▶ [About this exercise] Omit every picture while repeating the entries exactly.

(Dataset entries)
★ ★ ★ ★

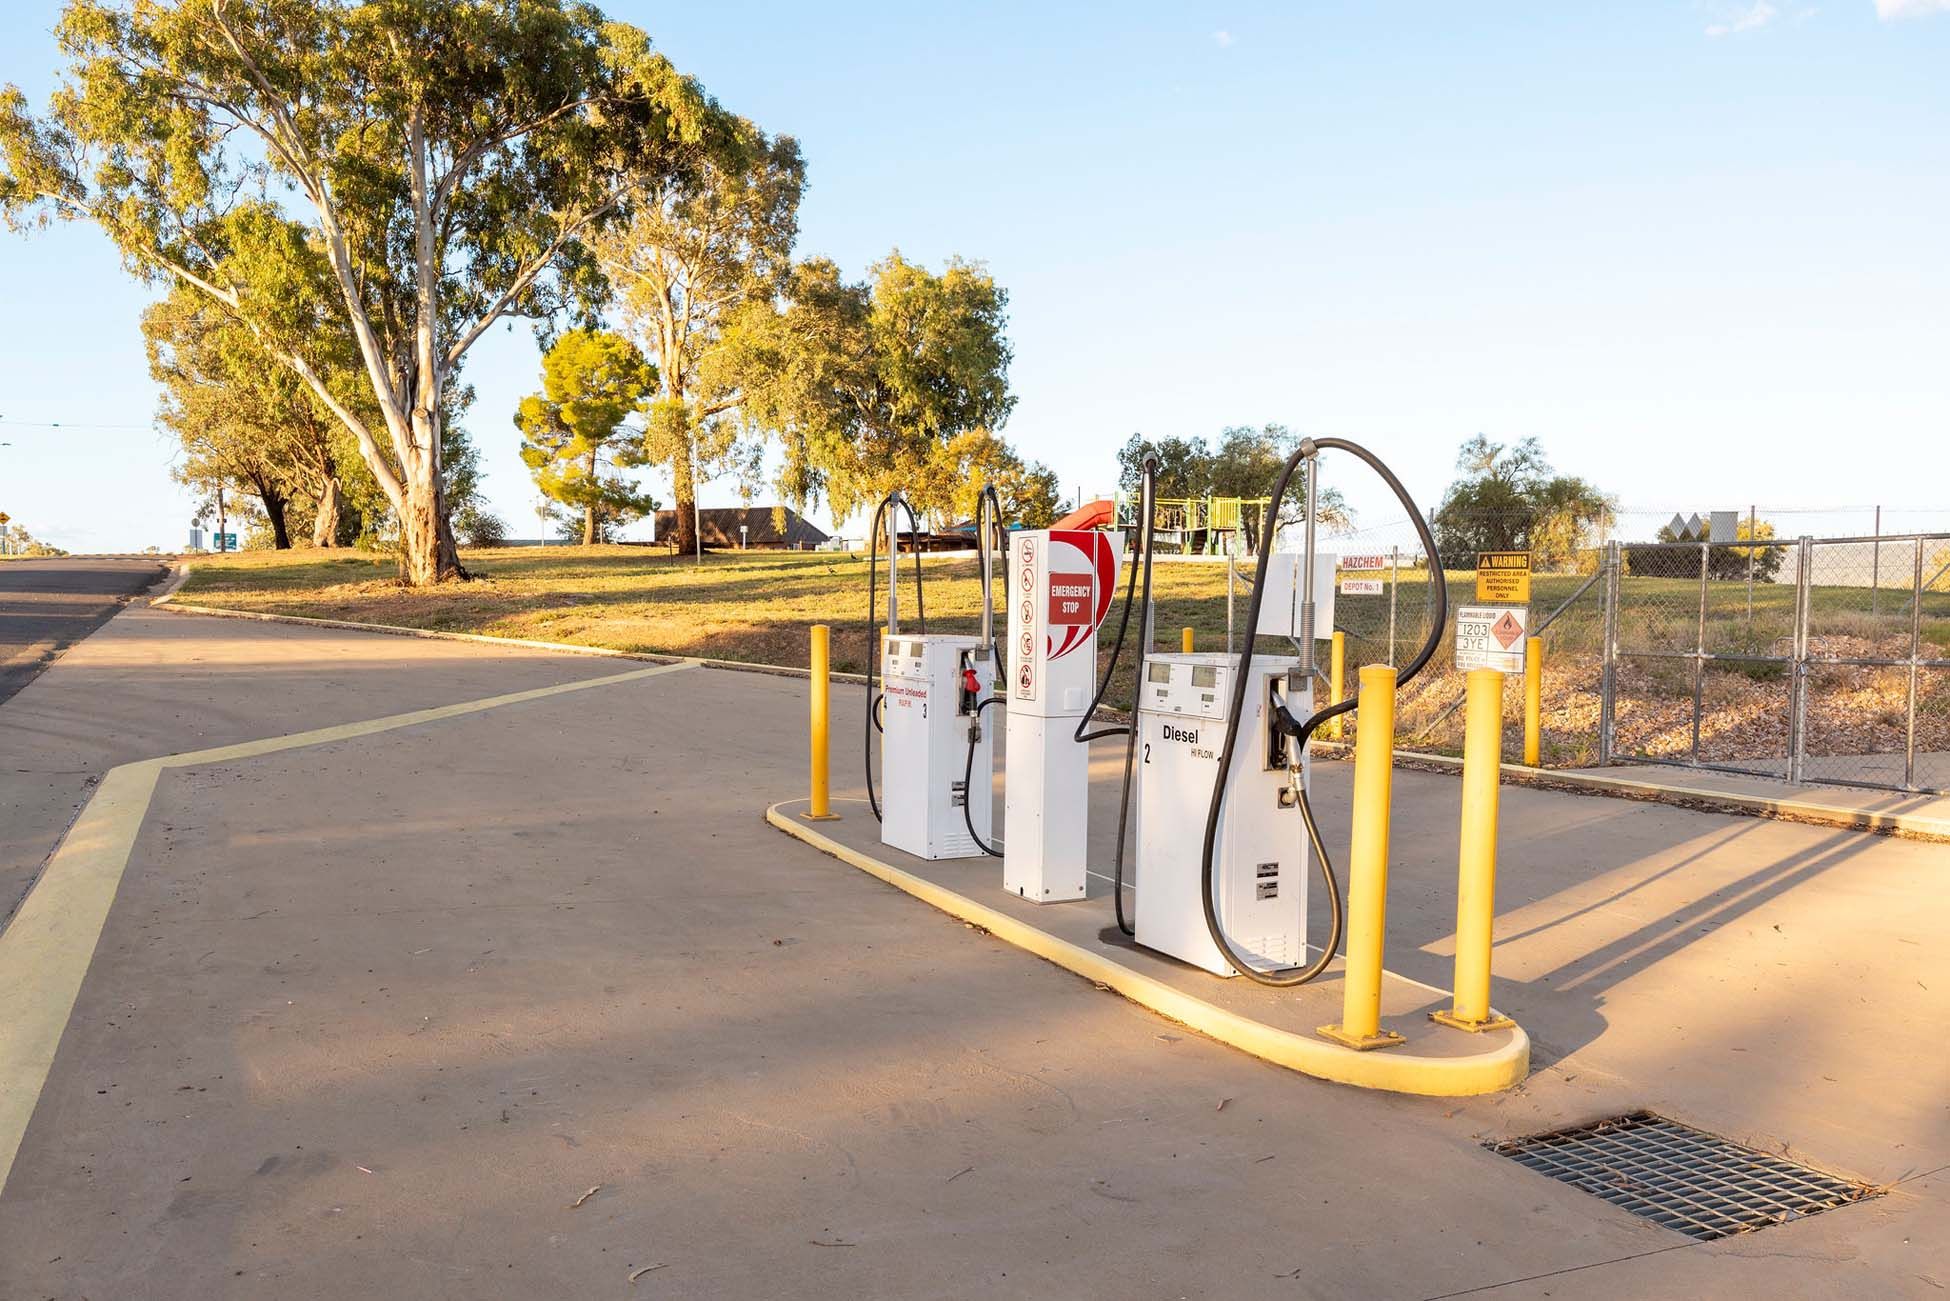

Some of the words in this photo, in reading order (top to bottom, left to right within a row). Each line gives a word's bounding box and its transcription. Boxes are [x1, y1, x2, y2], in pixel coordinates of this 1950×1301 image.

[1343, 556, 1383, 568] HAZCHEM
[1492, 555, 1527, 567] WARNING
[1051, 585, 1091, 598] EMERGENCY
[1344, 582, 1363, 591] DEPOT
[1364, 583, 1374, 591] No.
[1062, 602, 1080, 614] STOP
[1463, 624, 1487, 635] 1203
[1463, 638, 1483, 649] 3YE
[905, 688, 927, 698] Unleaded
[922, 703, 927, 719] 3
[1163, 725, 1199, 744] Diesel
[1144, 743, 1151, 764] 2
[1190, 748, 1197, 756] HI
[1198, 749, 1214, 760] FLOW
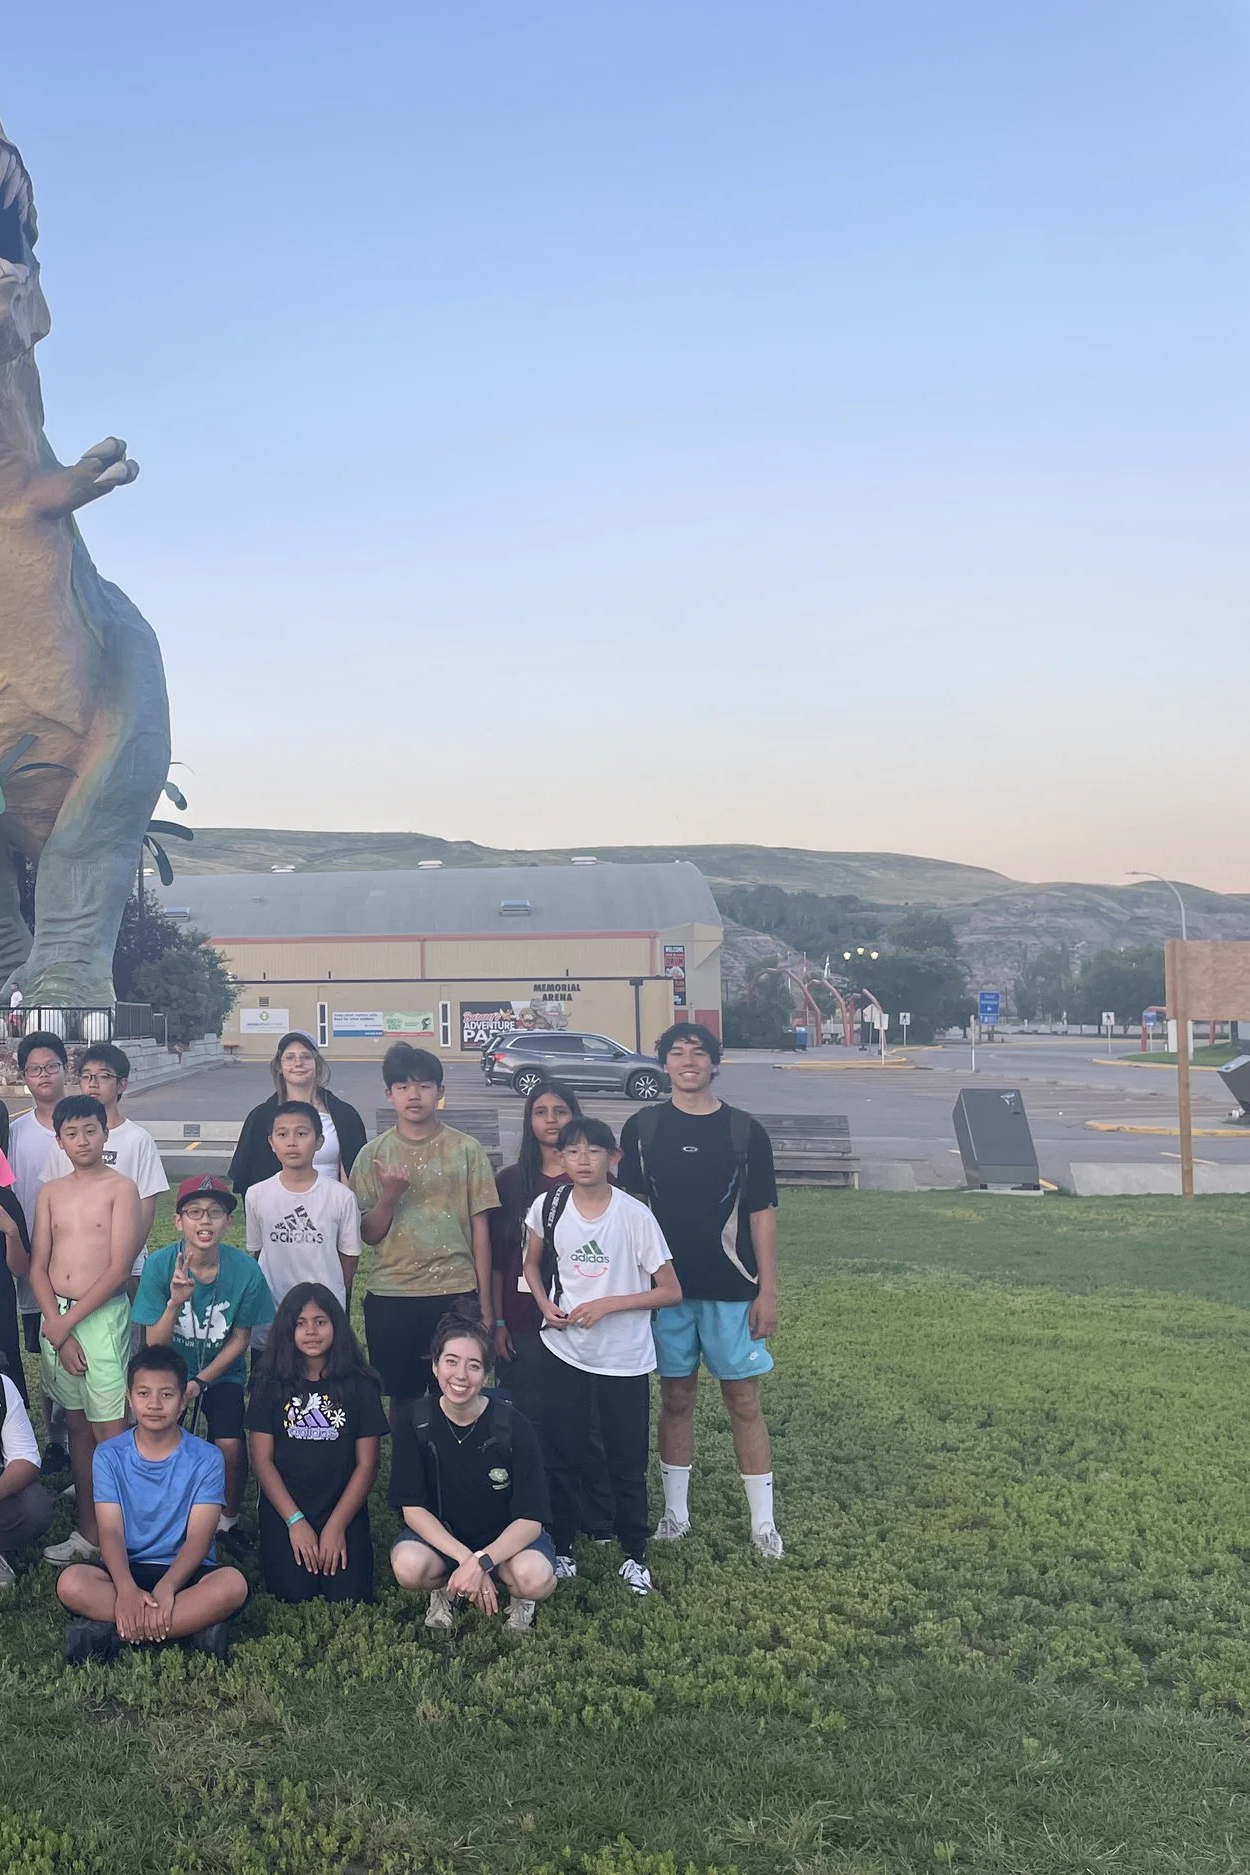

★ ★ ★ ★

▶ [Response]
Some of the words in this photo, in reading order (top to bottom, left to right within a row). Each line gives a word's bounding box and its transcription. Boxes are [x1, y1, x2, y2], in pixel coordinates of this 1950×1301 image.

[1343, 556, 1383, 568] HAZCHEM
[1492, 555, 1527, 567] WARNING
[1051, 585, 1091, 598] EMERGENCY
[1344, 582, 1363, 591] DEPOT
[1364, 583, 1374, 591] No.
[1062, 602, 1080, 614] STOP
[1463, 624, 1487, 635] 1203
[1463, 638, 1483, 649] 3YE
[905, 688, 927, 698] Unleaded
[922, 703, 927, 719] 3
[1163, 725, 1199, 744] Diesel
[1144, 743, 1151, 764] 2
[1190, 748, 1197, 756] HI
[1198, 749, 1214, 760] FLOW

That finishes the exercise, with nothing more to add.